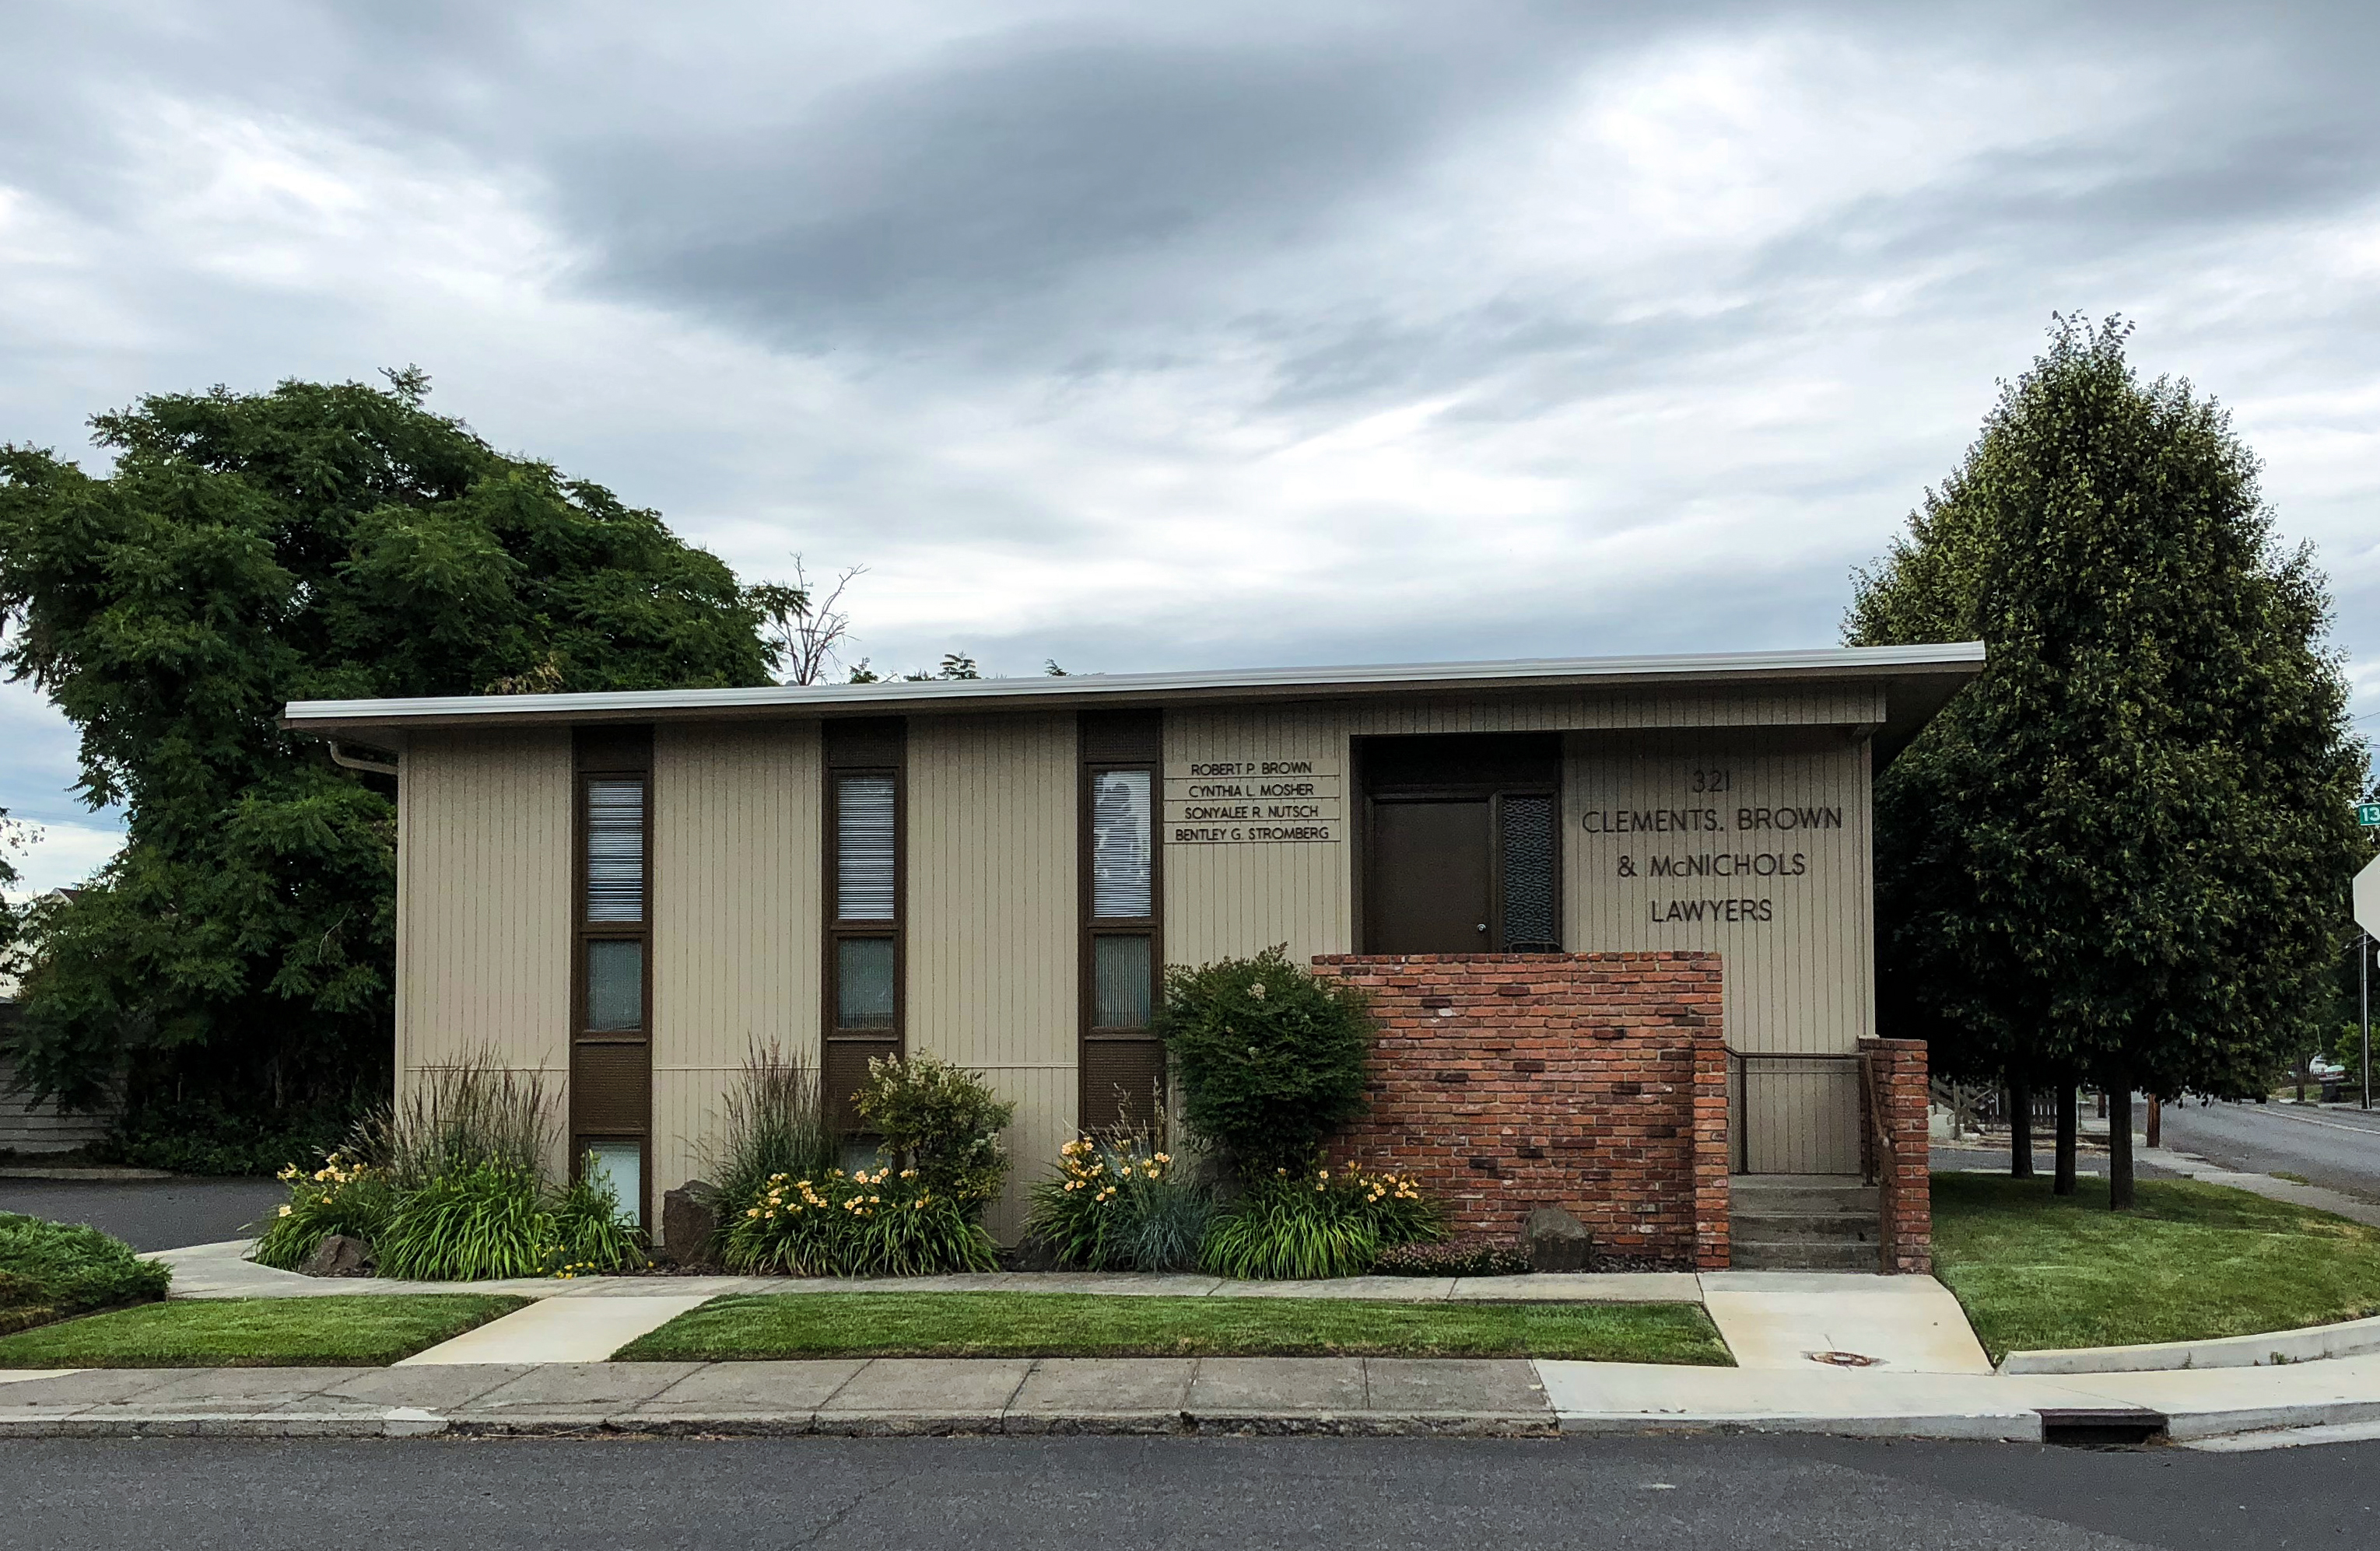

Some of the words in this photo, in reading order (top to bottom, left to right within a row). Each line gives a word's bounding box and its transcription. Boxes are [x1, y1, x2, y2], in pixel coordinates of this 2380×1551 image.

[1191, 764, 1243, 776] ROBERT
[1262, 761, 1313, 774] BROWN
[1189, 786, 1243, 797] CYNTHIA
[1260, 783, 1314, 796] MOSHER
[1692, 769, 1730, 793] 321
[1185, 806, 1248, 819] SONYALEE
[1268, 805, 1319, 818] NUTSCH
[1737, 807, 1842, 832] BROWN
[1176, 828, 1227, 841] BENTLEY
[1248, 827, 1329, 840] STROMBERG
[1618, 855, 1638, 878] &
[1649, 853, 1806, 877] McNICHOLS
[1651, 898, 1772, 923] LAWYERS

________________________

What this task involves: All of the entries need to be copied exactly, minus any pictures.

Task answer:
Some of the words in this photo, in reading order (top to bottom, left to right within a row). Each line gives a word's bounding box and its transcription. Boxes are [x1, y1, x2, y2], in pixel coordinates of this 2380×1551 image.

[1191, 764, 1243, 776] ROBERT
[1262, 761, 1313, 774] BROWN
[1189, 786, 1243, 797] CYNTHIA
[1260, 783, 1314, 796] MOSHER
[1692, 769, 1730, 793] 321
[1185, 806, 1248, 819] SONYALEE
[1268, 805, 1319, 818] NUTSCH
[1737, 807, 1842, 832] BROWN
[1176, 828, 1227, 841] BENTLEY
[1248, 827, 1329, 840] STROMBERG
[1618, 855, 1638, 878] &
[1649, 853, 1806, 877] McNICHOLS
[1651, 898, 1772, 923] LAWYERS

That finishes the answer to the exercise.